TASK OBJECTIVE
Write the lines below out exactly, dropping each picture.

RECORD EXCERPTS
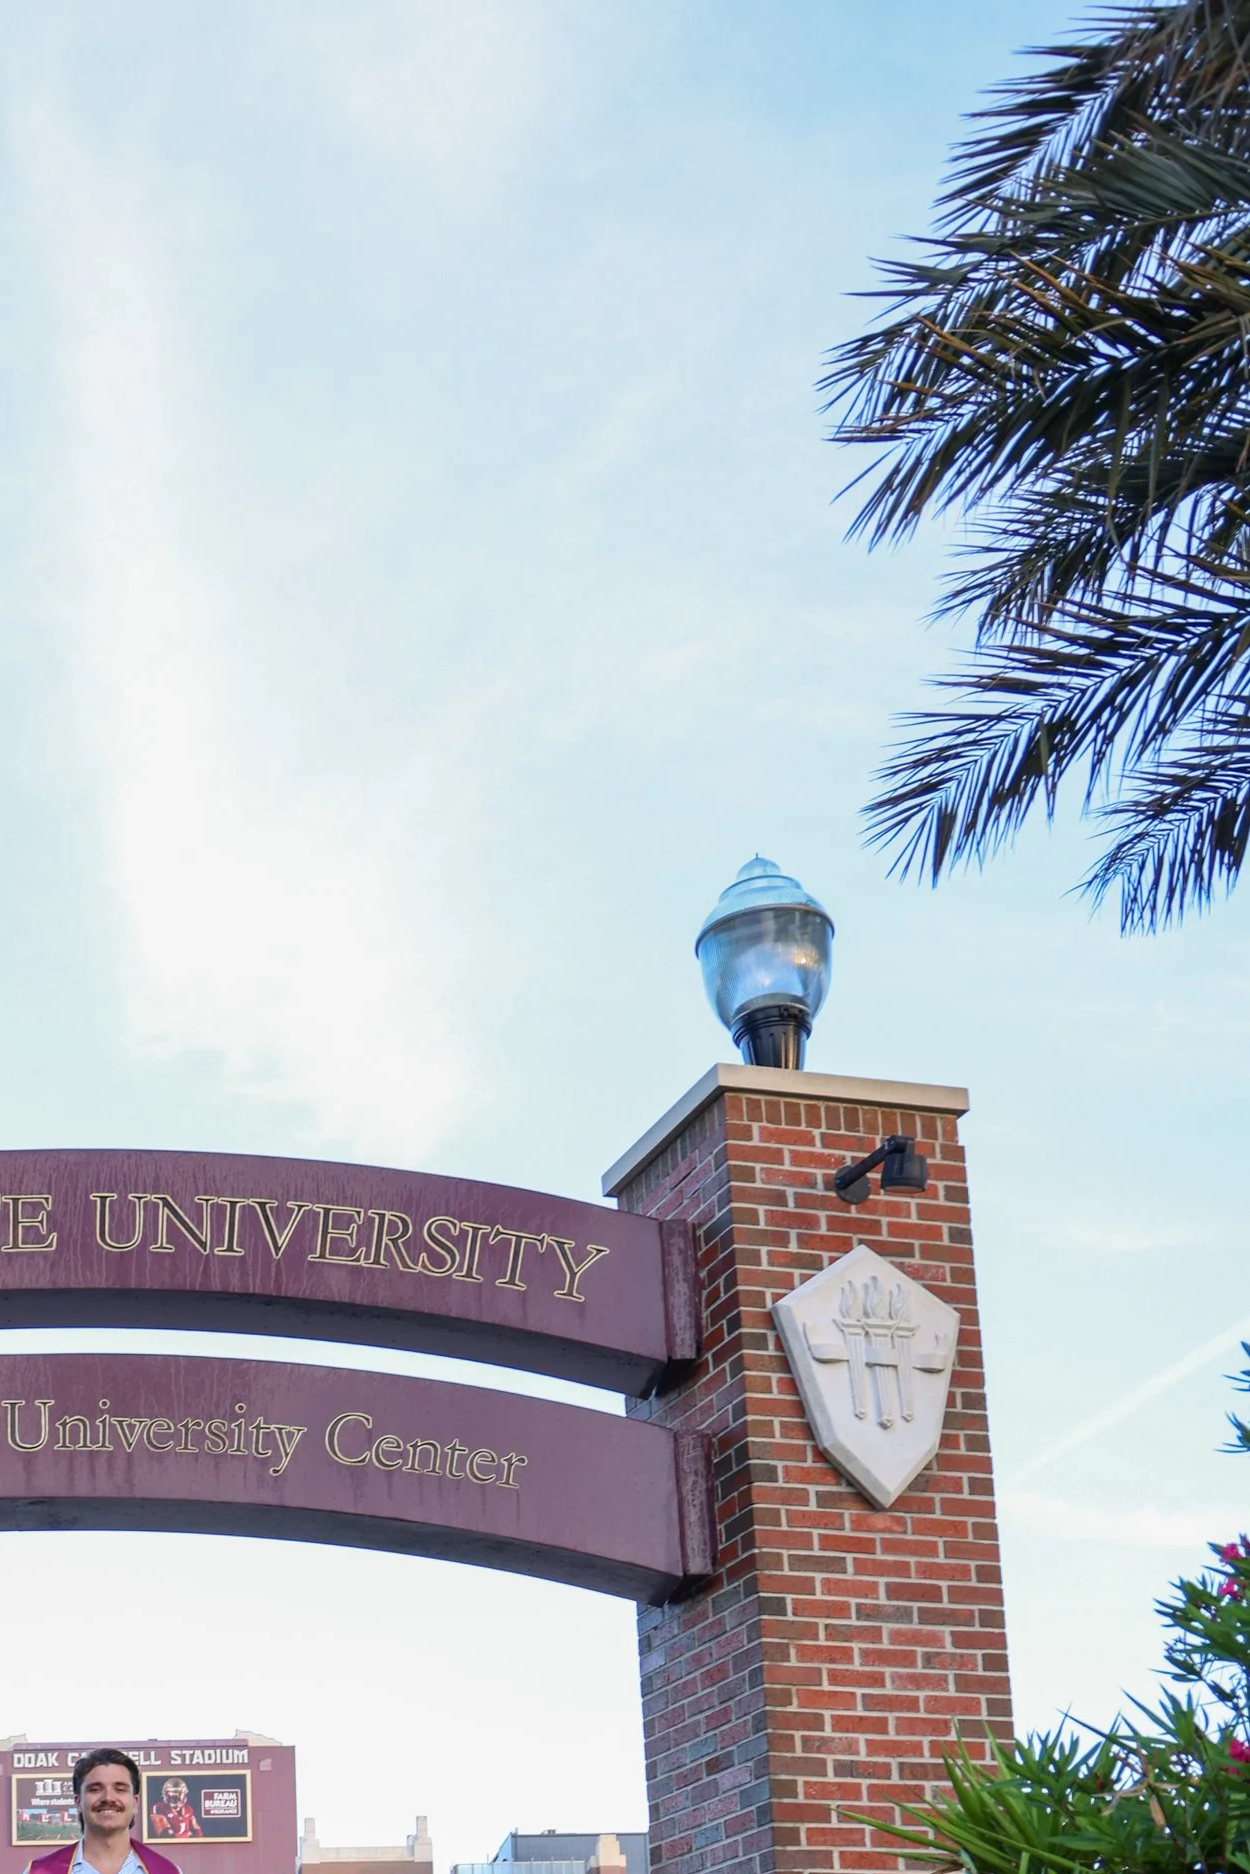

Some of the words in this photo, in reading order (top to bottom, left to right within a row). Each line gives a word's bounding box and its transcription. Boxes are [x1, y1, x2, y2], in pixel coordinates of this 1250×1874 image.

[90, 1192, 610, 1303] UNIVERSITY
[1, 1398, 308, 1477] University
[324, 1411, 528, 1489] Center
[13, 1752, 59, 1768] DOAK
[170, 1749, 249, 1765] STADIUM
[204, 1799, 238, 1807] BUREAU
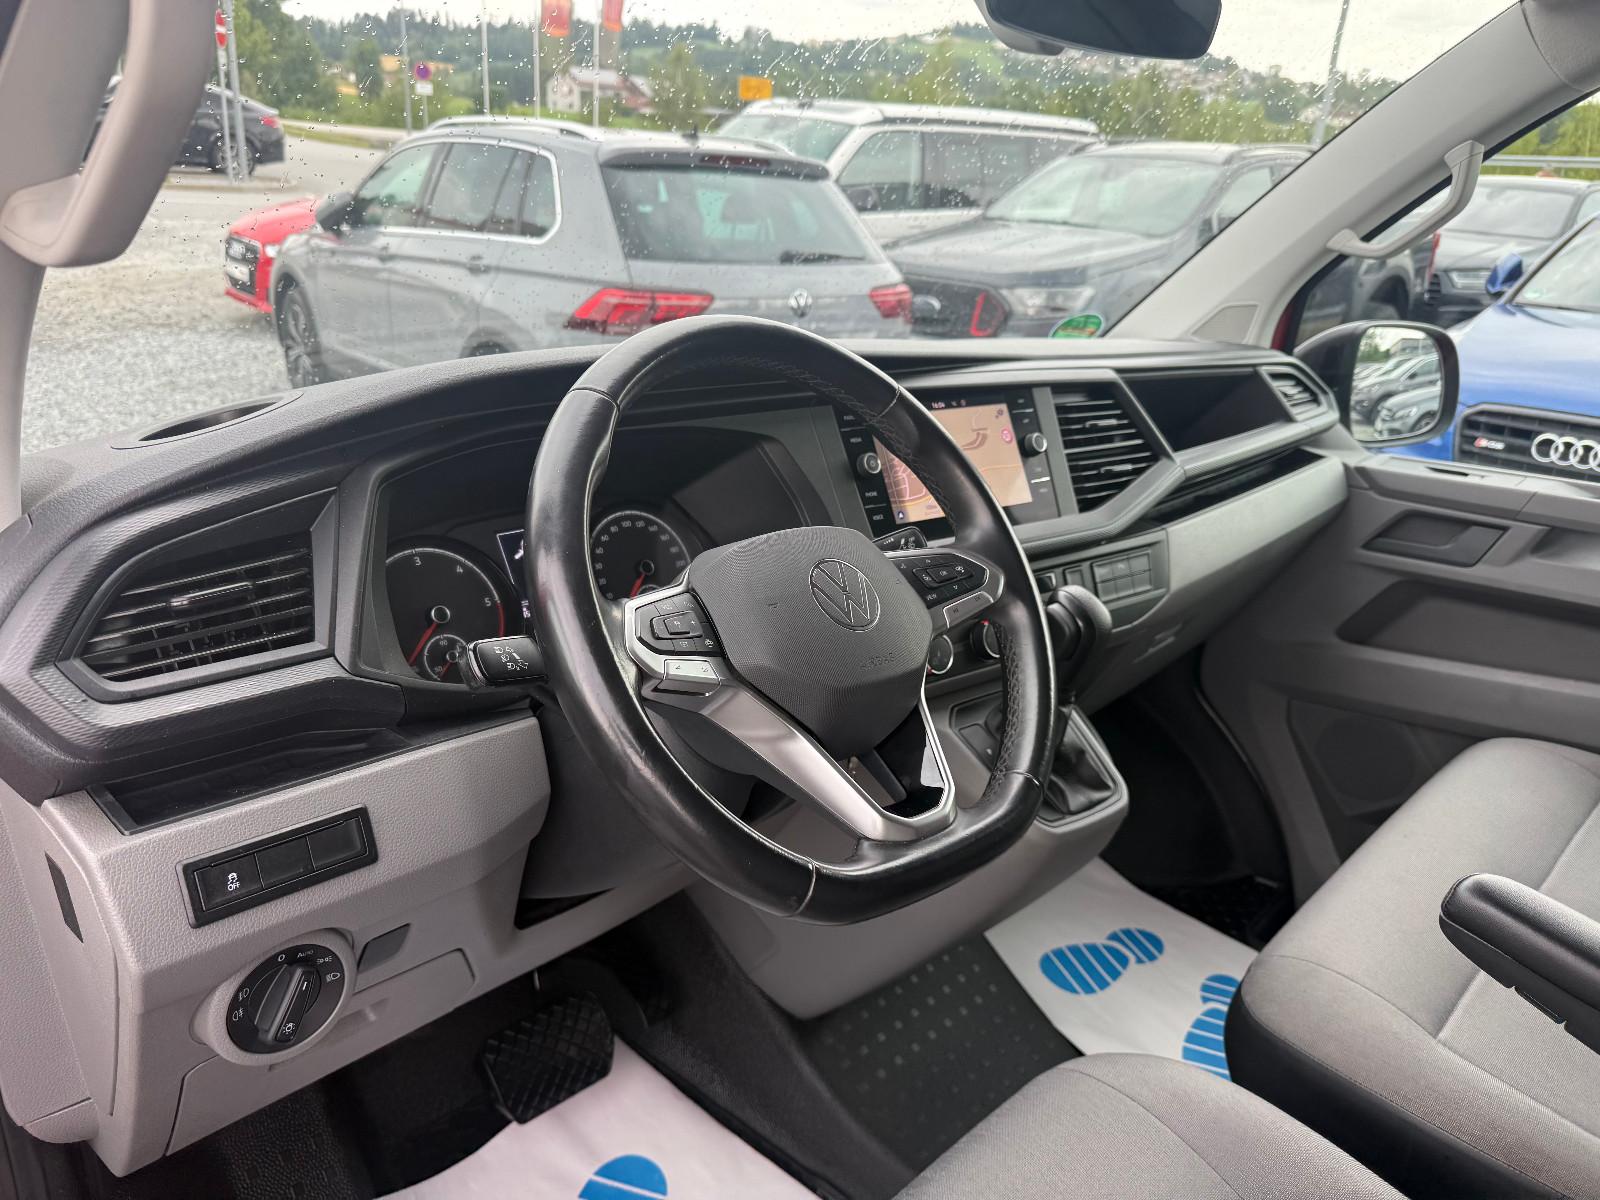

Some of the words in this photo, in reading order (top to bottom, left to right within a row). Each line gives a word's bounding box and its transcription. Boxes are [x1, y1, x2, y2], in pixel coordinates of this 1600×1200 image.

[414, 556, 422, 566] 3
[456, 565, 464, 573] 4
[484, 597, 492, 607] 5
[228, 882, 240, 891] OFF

RESULT FOR THIS TASK
Some of the words in this photo, in reading order (top to bottom, left to right within a row). Each line gives a word's bounding box and its transcription. Boxes are [x1, y1, x2, y2], in pixel coordinates of this 1250×1874 image.

[90, 1192, 610, 1303] UNIVERSITY
[1, 1398, 308, 1477] University
[324, 1411, 528, 1489] Center
[13, 1752, 59, 1768] DOAK
[170, 1749, 249, 1765] STADIUM
[204, 1799, 238, 1807] BUREAU

Some of the words in this photo, in reading order (top to bottom, left to right within a row). Each line gives a word's bounding box and its transcription. Boxes are [x1, y1, x2, y2], in pixel coordinates of this 1600×1200 image.

[414, 556, 422, 566] 3
[456, 565, 464, 573] 4
[484, 597, 492, 607] 5
[228, 882, 240, 891] OFF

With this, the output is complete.